Before college, Creadon was advised to start running to get in shape for marching up and down a football field. He started jogging in his driveway and graduated to running in his cul-de-sac. Decades later, he has competed in more than 50 marathons. His best time: 3 hours, 12 minutes, 50 seconds. A fixture at the annual Army Ten-Milers, Creadon also completed a 5K, 10K, half marathon and marathon —  48-plus miles in all — over four consecutive days at Walt Disney World in 2015.

“I’m kind of a nuts runner,” he admits.

The next year, Creadon was back at Disney World to perform with the Fife and Drum Corps when Prince Harry hosted his Invictus Games for wounded warriors.  

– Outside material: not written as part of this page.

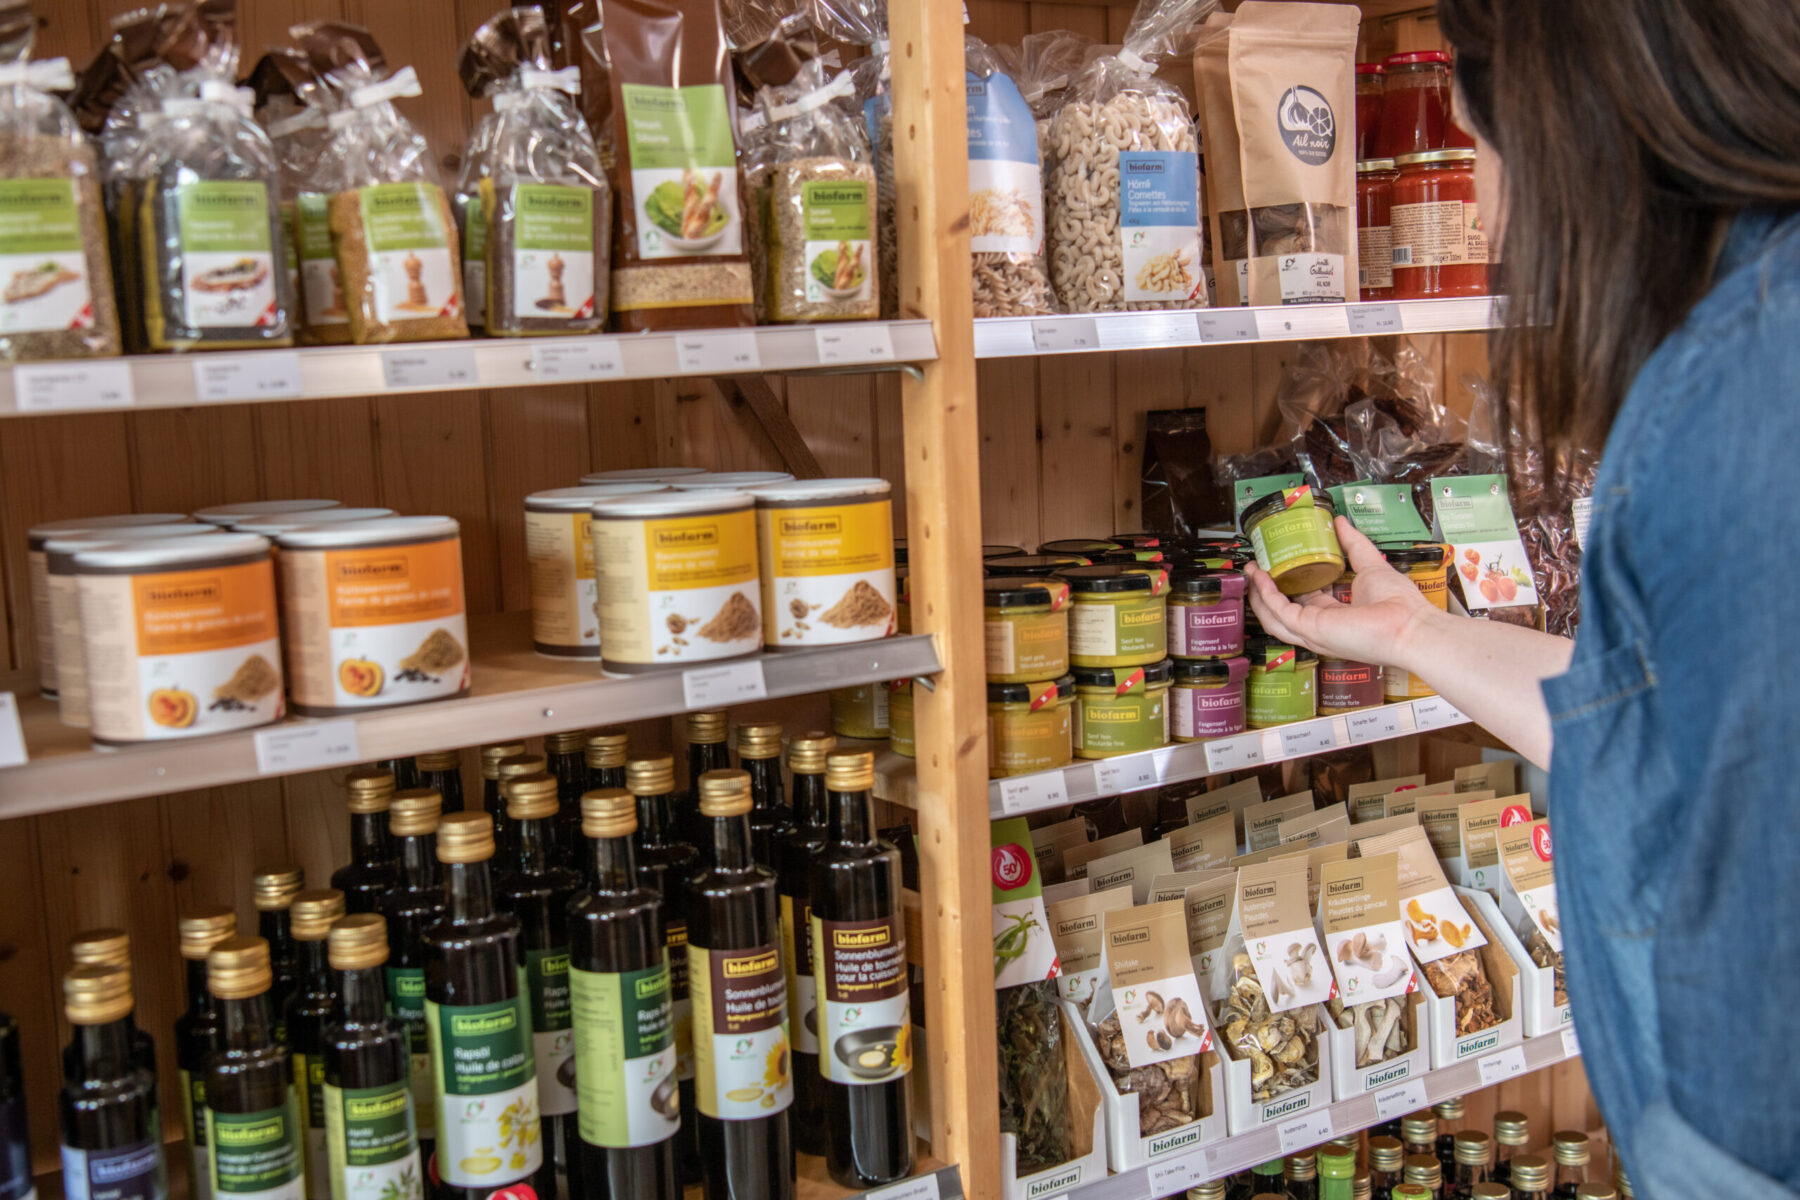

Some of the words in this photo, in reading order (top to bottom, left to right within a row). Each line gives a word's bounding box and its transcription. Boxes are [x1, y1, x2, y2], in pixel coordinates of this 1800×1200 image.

When not putting on shows — or running — Creadon composes music, teaches at a community college and keeps a hand in audio engineering, video editing and photography. He works part-time photographing newborns and their families before they leave the hospital.

Music will remain an integral part of his life — teaching, composing and playing. He has played with the Alexandria-based Virginia Grand Military Band, composed of former members of Army, Navy, Air Force and Marine bands, and is considering an encore with the orchestra.

His many passions portend an active retirement. “Maybe I'll do several different part-time things,” he says, noting he’s pleased at the prospect of a military pension, although calling it quits will means a drop in income compared to the pay of a sergeant first class with 26 years in.

In retirement, will be missed

The corps will miss his bad “dad jokes” and upbeat, generous spirit, says Sgt. 1st Class Erin McHale, a fifer who doubles as the corps’ public affairs officer.

“He had such a good attitude,” McHale, 30, says. “He had the ability to kind of like knock you out of your headspace if you were in … a bad headspace.”

“He is possibly,” she adds, “the most philanthropic person I know.”

Creadon has donated blood, platelets or plasma 298 times. He is helping with a virtual fundraiser for a children’s hospital and urges donations, not retirement gifts. He doesn’t want a party, either.

Downsizing is one reason he’s discouraging gifts. He and his wife plan to sell their condo and have a tiny house built on five acres they own along the Potomac River. A tiny house in Maryland means he won’t be far from the Fife and Drum Corps, a tight-knit group whose personnel grow close since they aren’t subject to back-to-back relocations like other troops.

“We've got our rank and everything,” he says of the corps, “but we tend to be a little bit more a family.”